- Directed by: Daniel Adams
- Written by: Michael Mailer Daniel Adams
- Produced by: Michael Mailer
- Starring: Jonathan Penner; Sandra Bullock; George Plimpton; Gerald Orange;
- Production companies: Vidmark/Trimark Pictures Lionsgate
- Release date: September 24, 1989;
- Running time: 81 minutes
- Country: United States
- Language: English

= A Fool and His Money (1989 film) =

A Fool and His Money (originally titled, Religion, Inc.) is a 1989 American comedy film directed by Daniel Adams and written by Michael Mailer and Adams. The film stars Jonathan Penner, George Plimpton, Wendy Adams, Gerald Orange, Chuck Pfiefer and Sandra Bullock in her first leading role. The movie was released on September 24, 1989.

==Plot==
While watching TV, Morris Codman, a New York ex-adman, receives a message from God and is inspired to form a new religion called "The Preferent Church". Codman hires Ian Clarity, a janitor, to be in charge of his new religion, which is founded on a philosophy of selfishness and greed. The new religion is a success, and Codman and Clarity get rich. Later, in a predictable epiphany, and with the help of his skeptical girlfriend Debbie, he discovers the beauty of altruism, realizing that bilking people out of their money isn't worth the loss of his morals and his love.

==Cast==
- Jonathan Penner as Morris Codman
- Gerald Orange as Dr. Ian Clarity, Ph.D.
- Sandra Bullock as Debbie Cosgrove
- George Plimpton as God
- Wendy Adams as Peggy
- Chuck Pfiefer as Brendan Collins

==Reception and reviews==
TV Guide was critical of the film when it was released on video stating, "Bullock has only a small role in this clunker, and she's fine...but the production is too shabby-looking to approach the level of satire. Even as straightforward whimsy it fails. As if the Fool And His Money experience wasn't made unpleasant enough by the charisma-free team of Penner and Orange, sound quality is harsh and tinny, and the music is lousy. "Preferent" is spelled four different ways in the film, if that's indication of anything".

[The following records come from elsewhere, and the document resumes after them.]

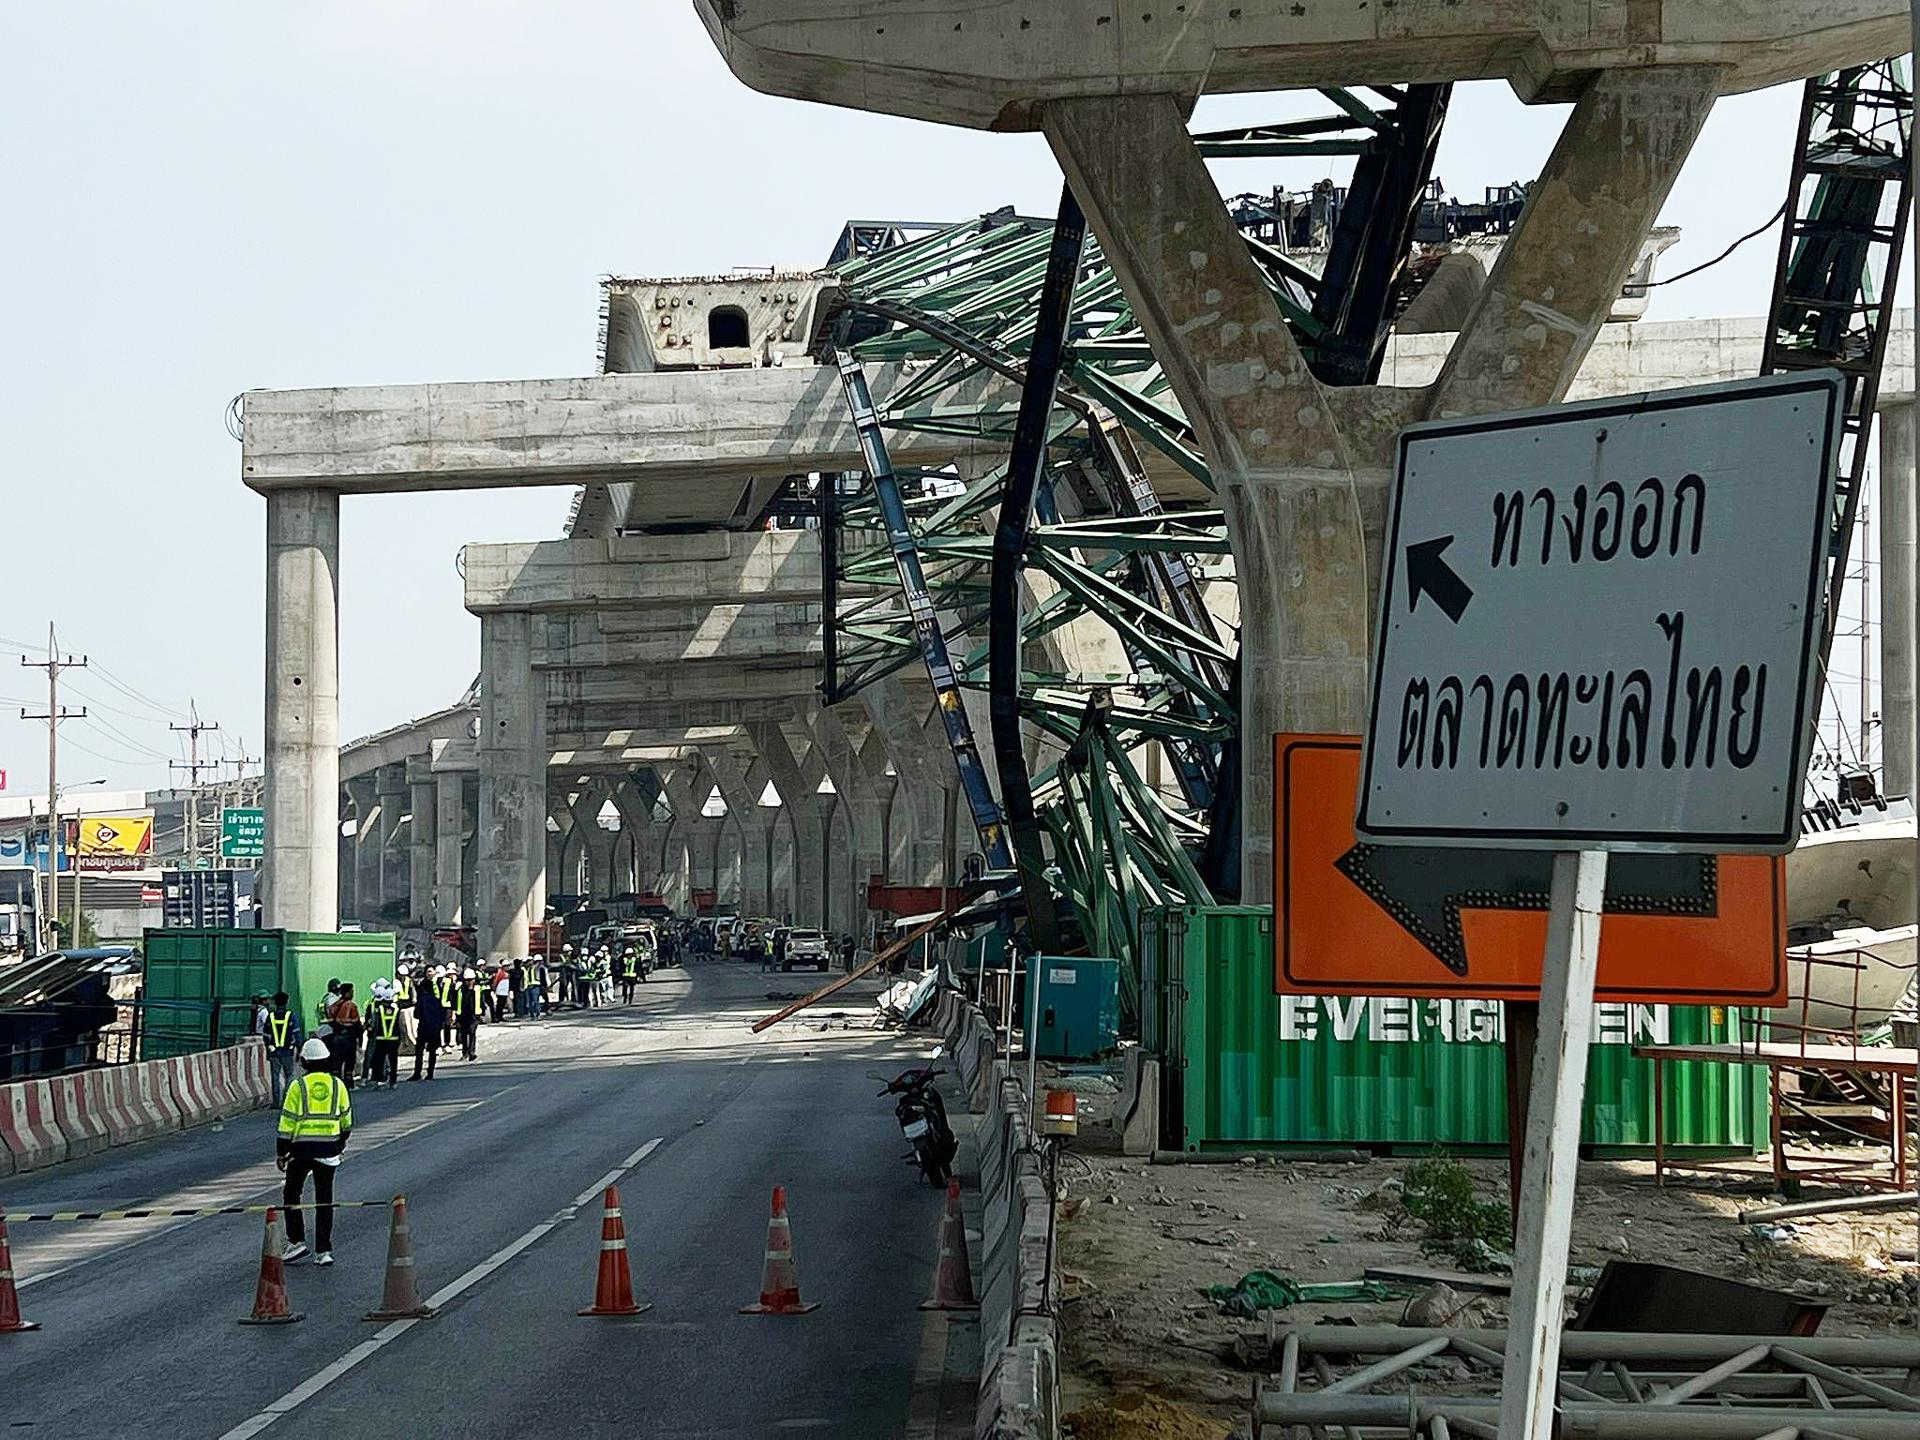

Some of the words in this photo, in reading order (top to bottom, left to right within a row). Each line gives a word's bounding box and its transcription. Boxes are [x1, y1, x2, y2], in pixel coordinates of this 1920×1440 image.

[1491, 473, 1706, 568] ทางออก
[1397, 611, 1768, 770] ตลาดทะเลไทย
[1280, 995, 1670, 1044] EVERGEN
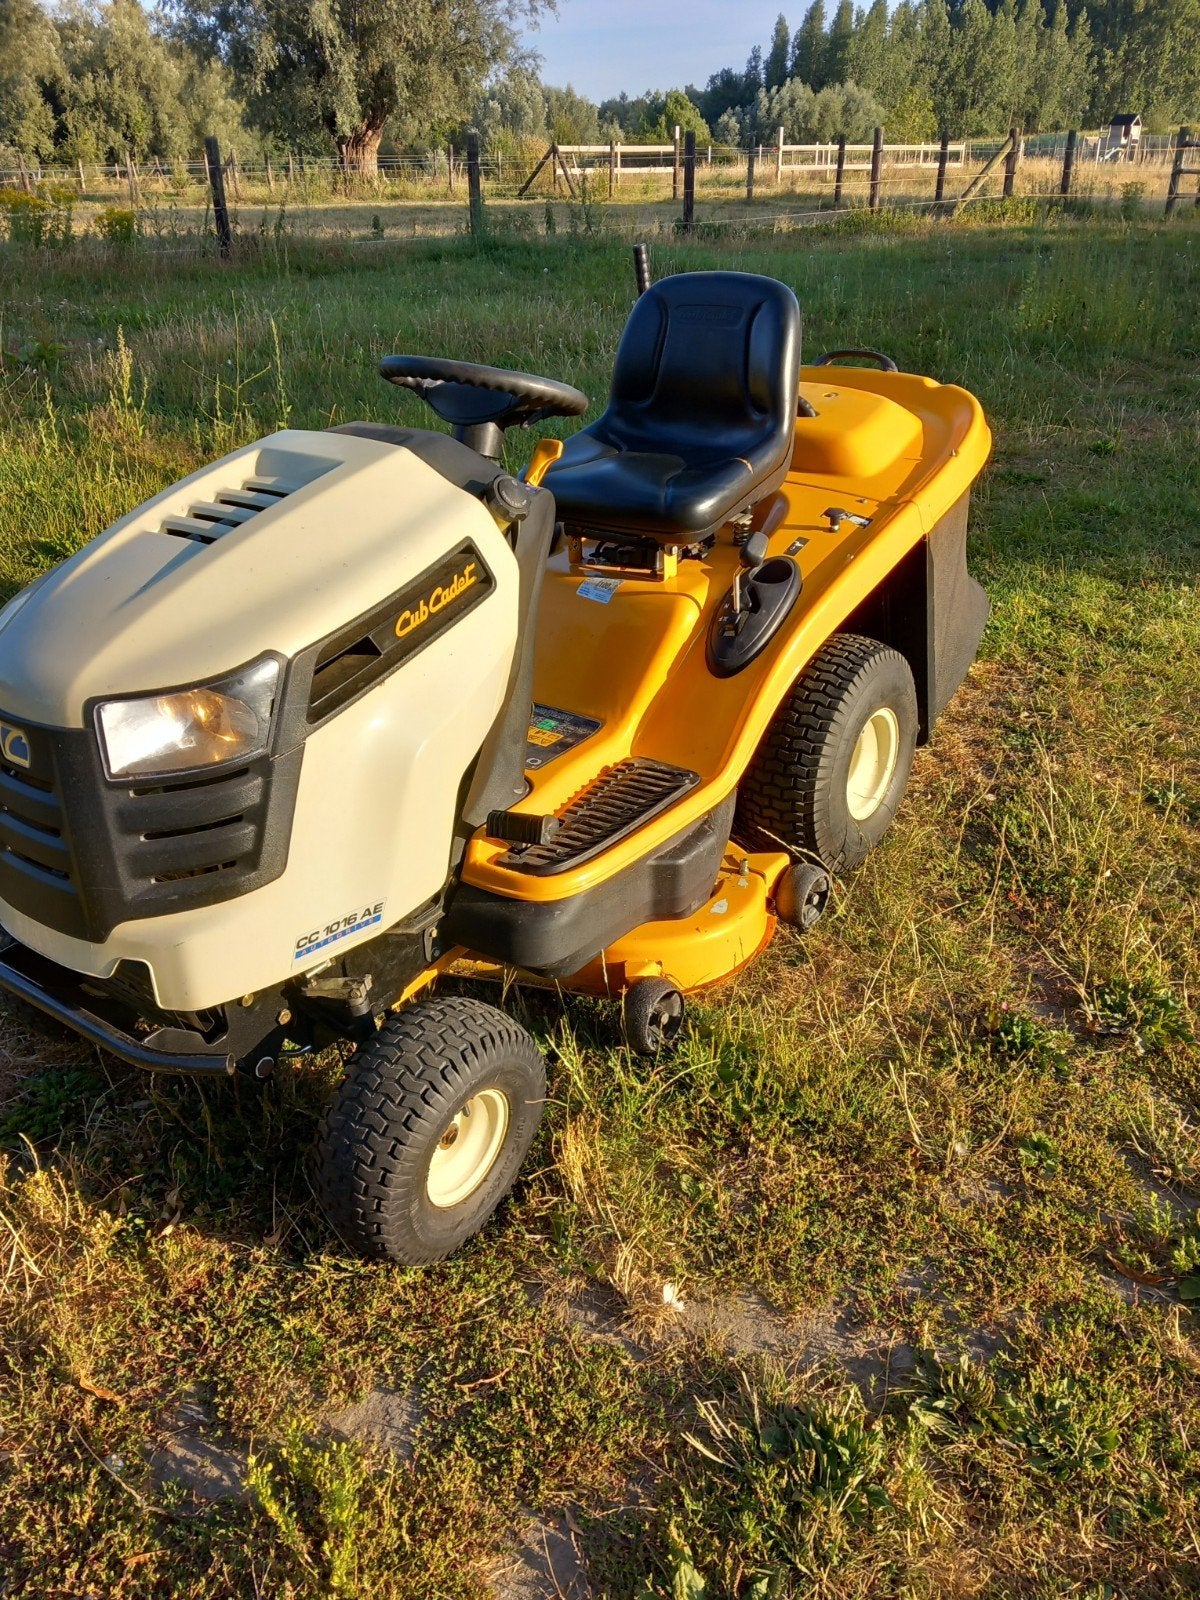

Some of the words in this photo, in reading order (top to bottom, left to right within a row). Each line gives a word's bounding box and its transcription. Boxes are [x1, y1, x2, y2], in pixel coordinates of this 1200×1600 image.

[395, 600, 429, 637] Cub
[428, 562, 477, 613] Cadet
[296, 930, 320, 949] CC
[323, 912, 358, 936] 1016
[360, 902, 384, 920] AE
[301, 915, 375, 955] AUTODRIVE
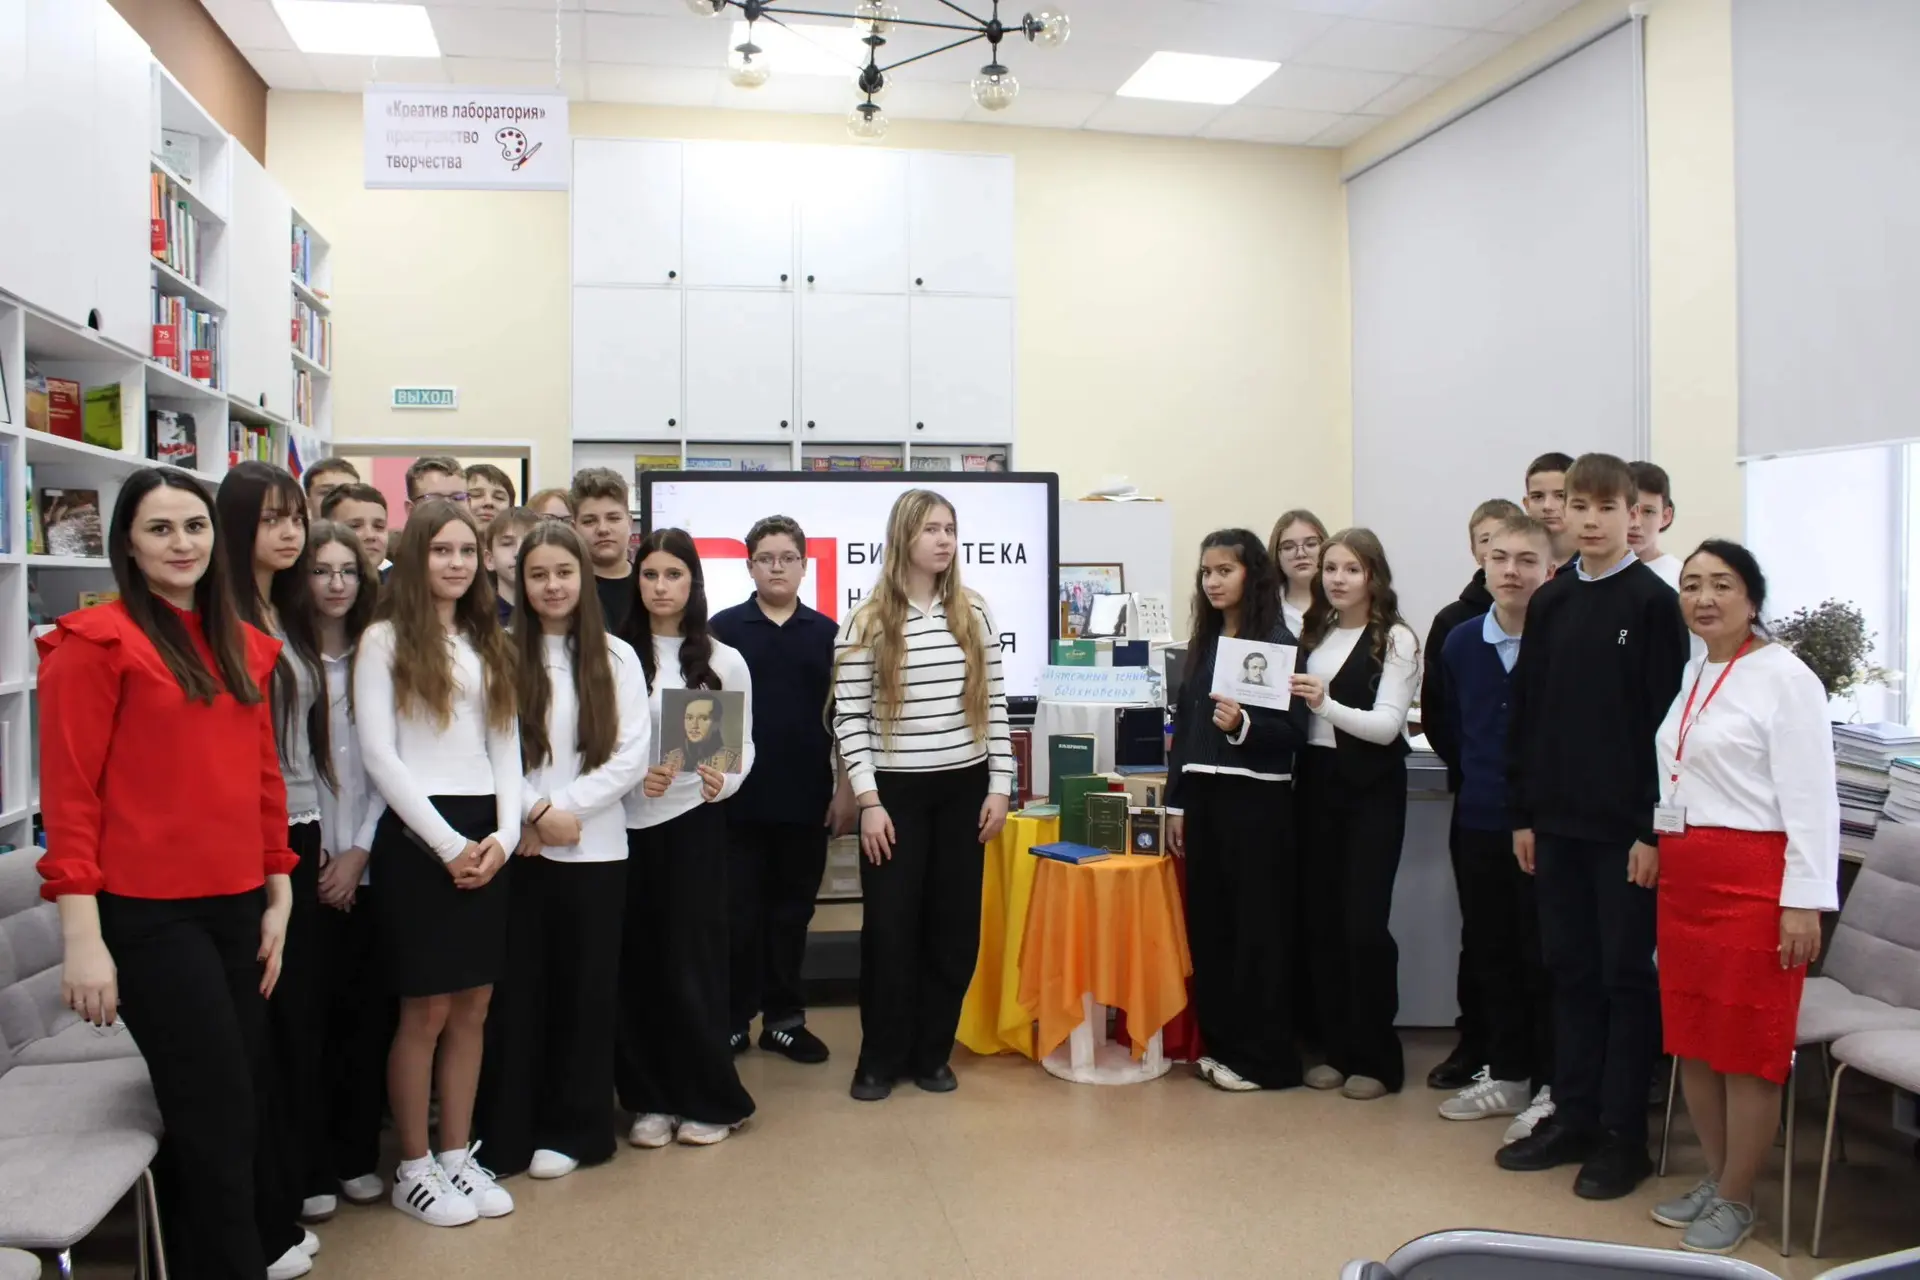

On the online publishing platform Medium, Brian Rowe calls the film a "lackluster comedy" and said..."unfortunately she [Bullock] has little to do in this movie. She shows up in a random scene every twenty minutes or so, usually upset with her boyfriend’s get-rich-quick scheme. Her only notable scene comes toward the end, when she counsels an African-American man, impressing him with her striking gray business suit".

- Sandra Bullock
The film is notable for featuring a young Sandra Bullock several years before she became a well-known star. Later video and DVD releases of the film would feature Bullock prominently on the cover to maximize on her celebrity status.